*** Record excerpts ***

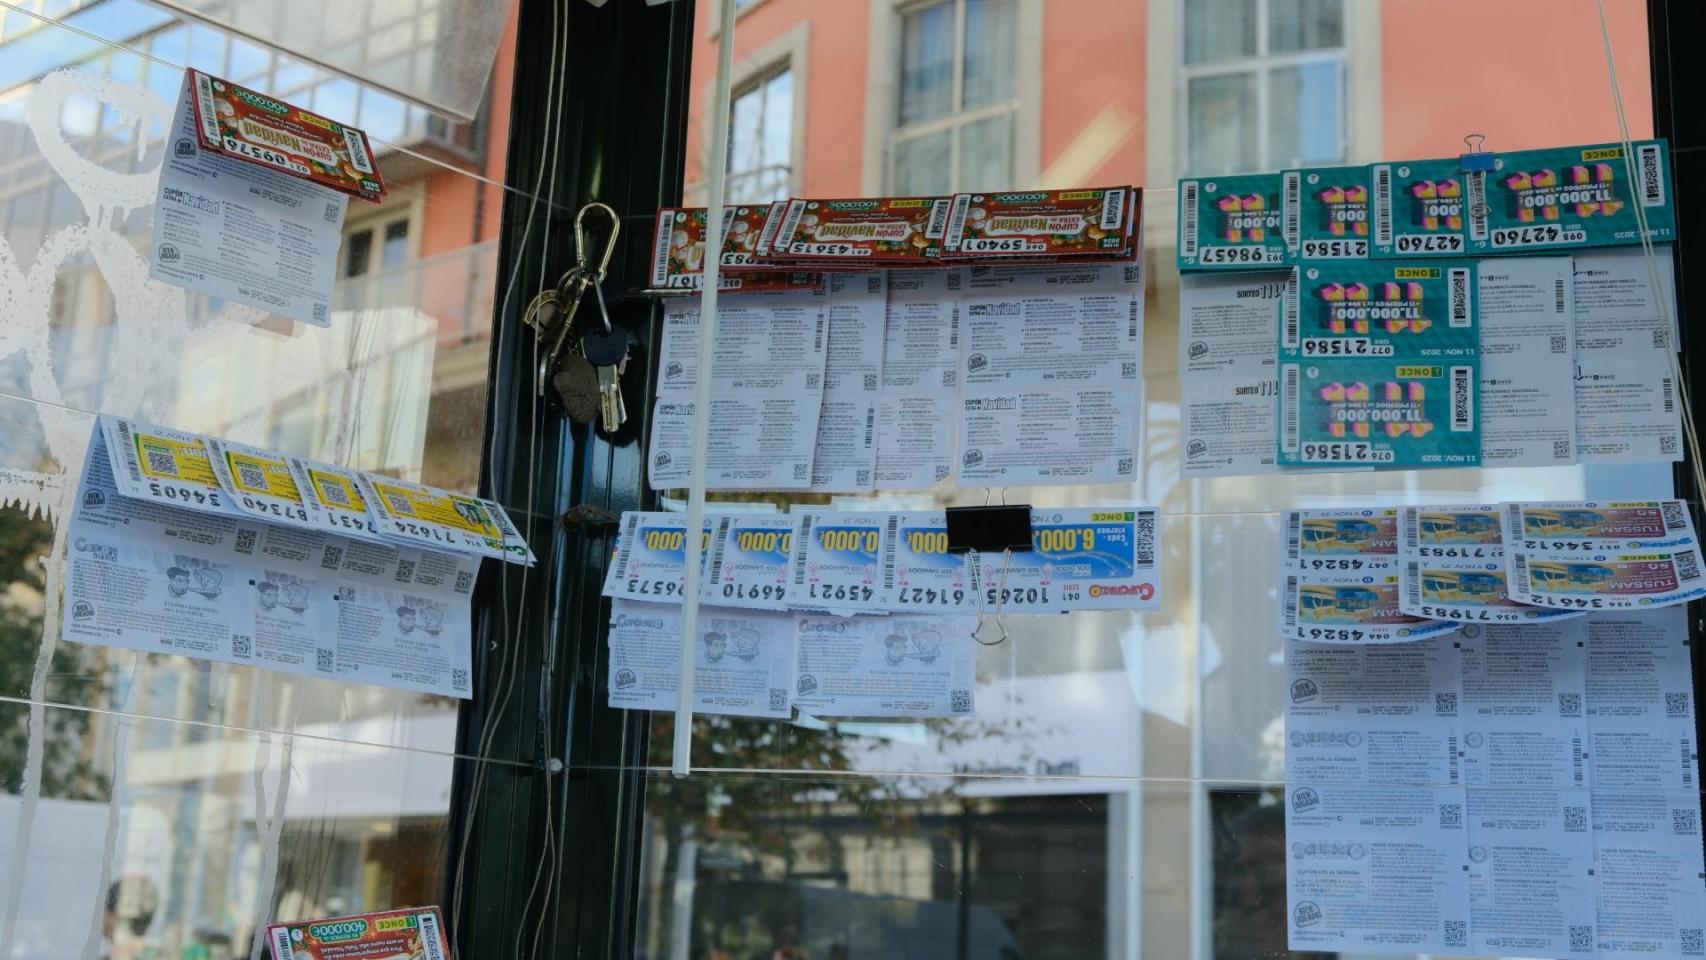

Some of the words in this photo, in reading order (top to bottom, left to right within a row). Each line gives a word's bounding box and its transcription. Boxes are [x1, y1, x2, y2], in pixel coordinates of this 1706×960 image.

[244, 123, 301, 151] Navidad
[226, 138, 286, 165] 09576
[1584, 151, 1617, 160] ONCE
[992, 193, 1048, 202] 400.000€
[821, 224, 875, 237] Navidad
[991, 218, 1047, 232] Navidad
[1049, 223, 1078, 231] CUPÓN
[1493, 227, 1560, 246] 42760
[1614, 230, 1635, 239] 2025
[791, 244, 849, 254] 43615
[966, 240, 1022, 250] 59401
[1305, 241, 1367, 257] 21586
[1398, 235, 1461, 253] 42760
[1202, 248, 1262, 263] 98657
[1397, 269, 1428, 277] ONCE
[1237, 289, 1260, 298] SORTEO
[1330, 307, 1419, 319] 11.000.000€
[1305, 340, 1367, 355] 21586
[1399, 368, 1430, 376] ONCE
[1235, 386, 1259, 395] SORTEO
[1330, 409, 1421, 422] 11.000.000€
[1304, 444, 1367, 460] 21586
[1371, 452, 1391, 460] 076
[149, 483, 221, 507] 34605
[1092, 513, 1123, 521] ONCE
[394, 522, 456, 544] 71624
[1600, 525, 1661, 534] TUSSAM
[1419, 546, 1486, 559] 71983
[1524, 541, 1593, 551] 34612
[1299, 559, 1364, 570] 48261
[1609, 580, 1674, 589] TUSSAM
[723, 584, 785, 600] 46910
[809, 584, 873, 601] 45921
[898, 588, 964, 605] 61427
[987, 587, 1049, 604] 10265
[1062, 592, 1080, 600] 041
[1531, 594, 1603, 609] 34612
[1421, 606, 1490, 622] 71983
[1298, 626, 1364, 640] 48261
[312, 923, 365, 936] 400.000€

*** End of Record excerpts ***

* Action item *
With the pictures removed, return the listing above in its exact original wording.

* Solution below *
Some of the words in this photo, in reading order (top to bottom, left to right within a row). Each line gives a word's bounding box and its transcription. Boxes are [x1, y1, x2, y2], in pixel coordinates of this 1706×960 image.

[244, 123, 301, 151] Navidad
[226, 138, 286, 165] 09576
[1584, 151, 1617, 160] ONCE
[992, 193, 1048, 202] 400.000€
[821, 224, 875, 237] Navidad
[991, 218, 1047, 232] Navidad
[1049, 223, 1078, 231] CUPÓN
[1493, 227, 1560, 246] 42760
[1614, 230, 1635, 239] 2025
[791, 244, 849, 254] 43615
[966, 240, 1022, 250] 59401
[1305, 241, 1367, 257] 21586
[1398, 235, 1461, 253] 42760
[1202, 248, 1262, 263] 98657
[1397, 269, 1428, 277] ONCE
[1237, 289, 1260, 298] SORTEO
[1330, 307, 1419, 319] 11.000.000€
[1305, 340, 1367, 355] 21586
[1399, 368, 1430, 376] ONCE
[1235, 386, 1259, 395] SORTEO
[1330, 409, 1421, 422] 11.000.000€
[1304, 444, 1367, 460] 21586
[1371, 452, 1391, 460] 076
[149, 483, 221, 507] 34605
[1092, 513, 1123, 521] ONCE
[394, 522, 456, 544] 71624
[1600, 525, 1661, 534] TUSSAM
[1419, 546, 1486, 559] 71983
[1524, 541, 1593, 551] 34612
[1299, 559, 1364, 570] 48261
[1609, 580, 1674, 589] TUSSAM
[723, 584, 785, 600] 46910
[809, 584, 873, 601] 45921
[898, 588, 964, 605] 61427
[987, 587, 1049, 604] 10265
[1062, 592, 1080, 600] 041
[1531, 594, 1603, 609] 34612
[1421, 606, 1490, 622] 71983
[1298, 626, 1364, 640] 48261
[312, 923, 365, 936] 400.000€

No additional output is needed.